Yes! Spring is…(excuse me, ah, ah, achoo!)…here!
While the season of rebirth brings so much beauty—baby birds, bunnies, and blossoming buds—it also brings misery to millions of allergy sufferers bracing for the sniffles, sneezes, and wheezes of the season. Hay fever is among the most common allergies, affecting one in five Americans with its telltale annoying symptoms of a runny nose, congestion, sneezing, itchy eyes and ears, sinus pressure, sleeplessness, and fatigue. In fact, it's pretty much like the common cold, except it lingers on for months at a time (not days like a virus-caused cold) as pollen circulates in the air.
And with so many people seeking relief, it's no wonder companies are marketing all sorts of pills and potions promising to help you breathe better again. But according to the American College of Allergy, Asthma and Immunology (ACAAI), there's no one-size-fits-all approach to solving spring allergy problems. We also consulted natural allergy-relief tips from Rodale's The Green Pharmacy Guide to Healing Foods: Proven Natural Remedies to Treat and Prevent More Than 80 Common Health Concerns (Rodale, 2008).

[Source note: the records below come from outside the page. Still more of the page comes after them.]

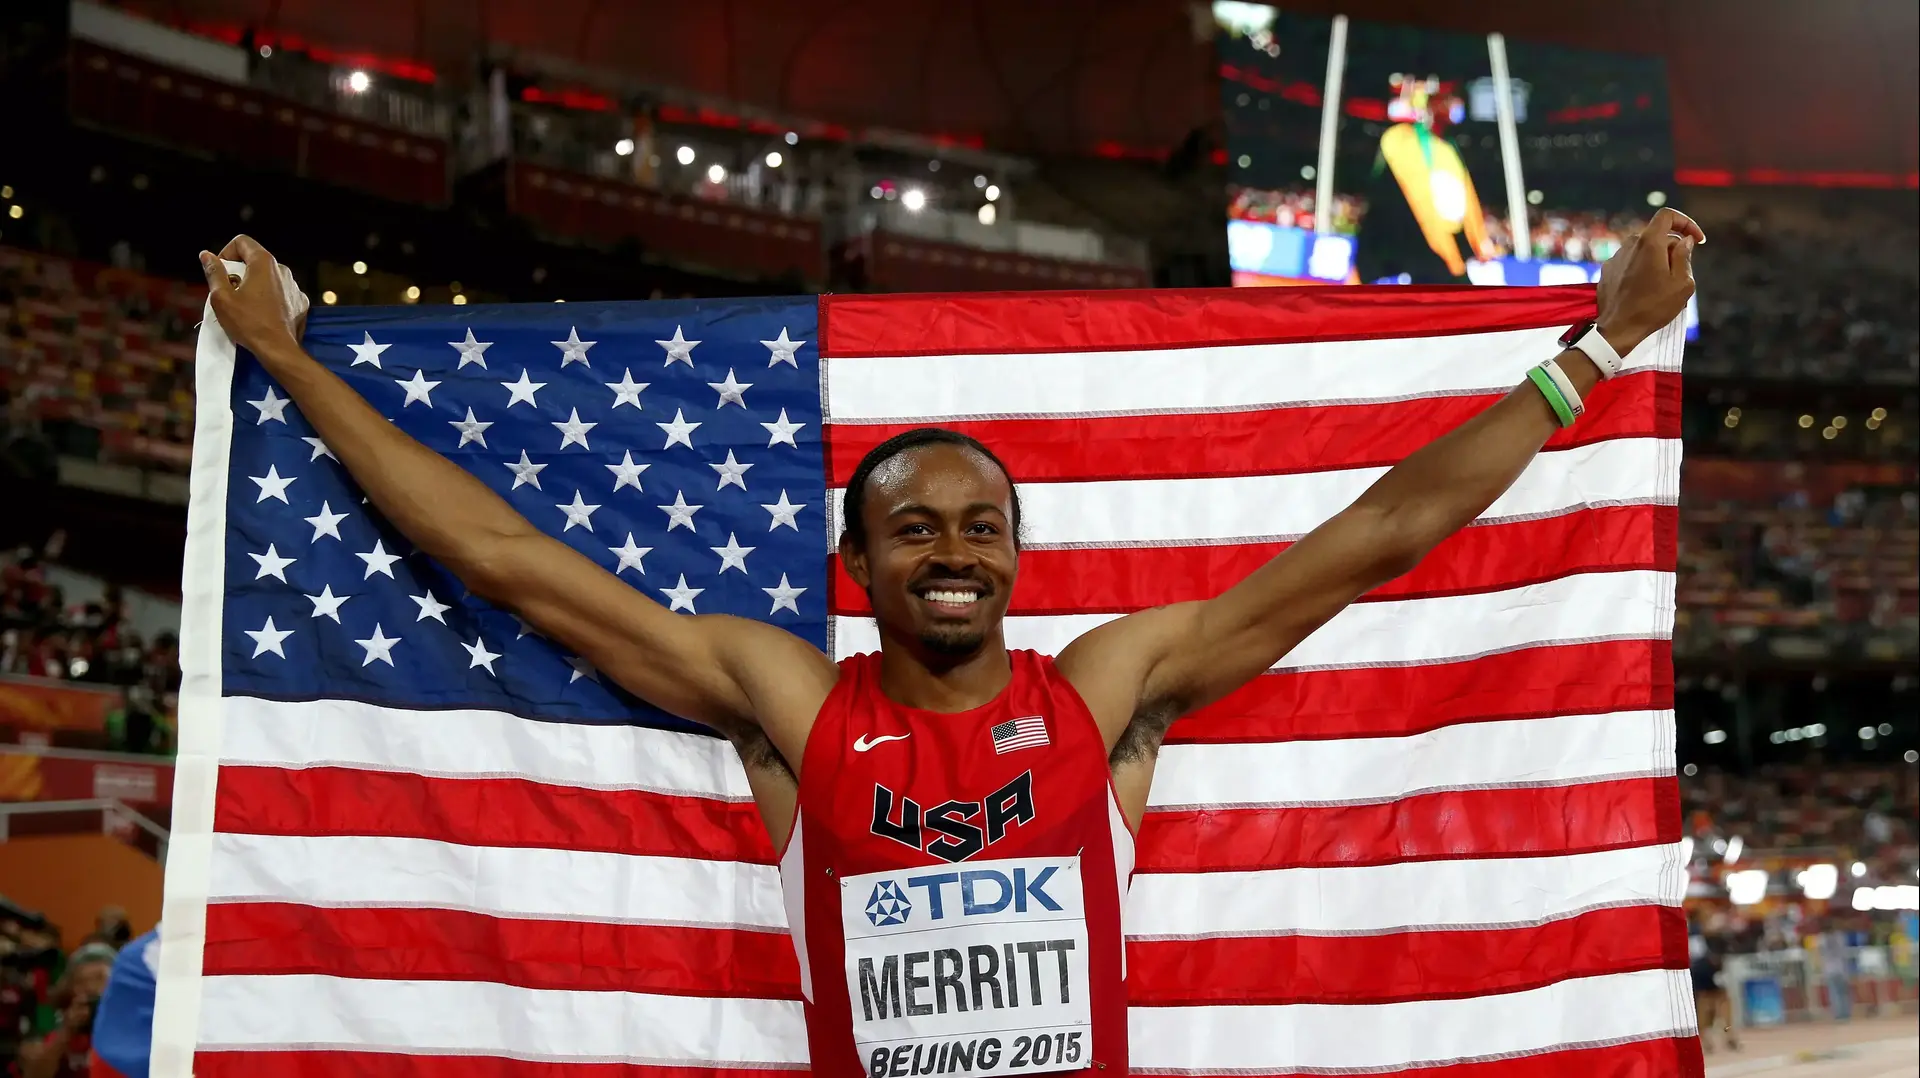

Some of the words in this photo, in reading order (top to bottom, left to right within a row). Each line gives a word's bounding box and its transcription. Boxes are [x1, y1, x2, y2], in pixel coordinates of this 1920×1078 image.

[870, 769, 1035, 863] USA
[908, 866, 1064, 920] TDK
[858, 939, 1075, 1021] MERRITT
[870, 1038, 1002, 1078] BEIJING
[1010, 1031, 1083, 1067] 2015

Avoid these (often costly) mistakes during the spring allergy season:
Throwing Money at the Problem
There are hundreds of products on the market claiming to ease your allergy ailment, and some of them work well for different people. But if you find yourself bouncing from product to product with no relief, consider making an appointment with an allergist, who might suggest allergy shots that can actually cure, not cover up, your allergy symptoms. No more late-night trips to the CVS! Nasal saline sprays or rinses, such as the Neti pot, also are invaluable to some people experiencing irritated sinuses. Just be sure not to overuse them.
Not Knowing Your Enemy
Sometimes people treat allergy symptoms without even knowing what they're allergic to, or if they really are suffering from true seasonal allergies. While hay fever is a prime culprit this time of year, other allergens can also cause symptoms. Many people think they only have seasonal allergies, but actually have them year-round. Find an allergist who can help you figure out a treatment plan at AllergyandAsthmaRelief.org
Things like dust mites, cockroaches, cigarette smoke, or even the artificial fragrances in candles, hair spray, or air fresheners could be causing symptoms similar to hay fever allergies. Wash your bedding in hot water every two weeks to combat dust mites, use nontoxic pest management strategies to combat cockroaches and pests, and steer clear of synthetic fragrances; besides being irritating, they contain chemical plasticizers linked to hormone disruption and low IQs.
Waiting 'Til You Feel the Pain
If you do have allergies, ACAAI recommends taking medicine that has worked for you in the past before the season starts. Pay attention to the weather—as winter and spring merge, pollens and molds are released into the air.
More from Rodale.com:
Allowing Allergens into Your House
Once you find the cause (or causes) of your problem and the proper treatment, you should take steps to keep the allergens that agitate you out of your home. If you're allergic to pollen, don't keep your windows open all the time, and take a shower when you come in from the outdoors. Pollen counts are the highest around midday, so that's also a good time to stay indoors.
Pigging Out on Problematic Produce
People who are allergic to pollen can also have oral allergy syndrome, which affects about a third of seasonal allergy sufferers. Your immune system sees a similarity between the proteins of pollen and those in some foods, and that can trigger a reaction. If you're allergic to tree pollen, you may need to avoid apples, cherries, pears, apricots, kiwis, plums, or nuts. (Cooking or peeling these foods can help bypass a reaction in some people.)
On the other hand, research has found that certain foods can actually help heal hay fever. Broccoli, citrus fruits, collard greens, and kale are full of compounds that can help your body cope with allergy season.
This antiallergy soup from The Green Pharmacy Guide to Healing Foods is made with ingredients that may also be helpful:
Boil a whole onion with the skin, along with a clove of garlic. Add ½ chopped leaves and diced taproots of evening primrose. Boil the ingredients for three to five minutes, add 1 cup nettle leaves and 1 cup diced celery stalks, and boil for another three to 10 minutes. Remove the onion skins from the mix, and enjoy. (You can season with wine vinegar, black pepper, diced raw onions, hot pepper, turmeric, curry powder, or celery seed.)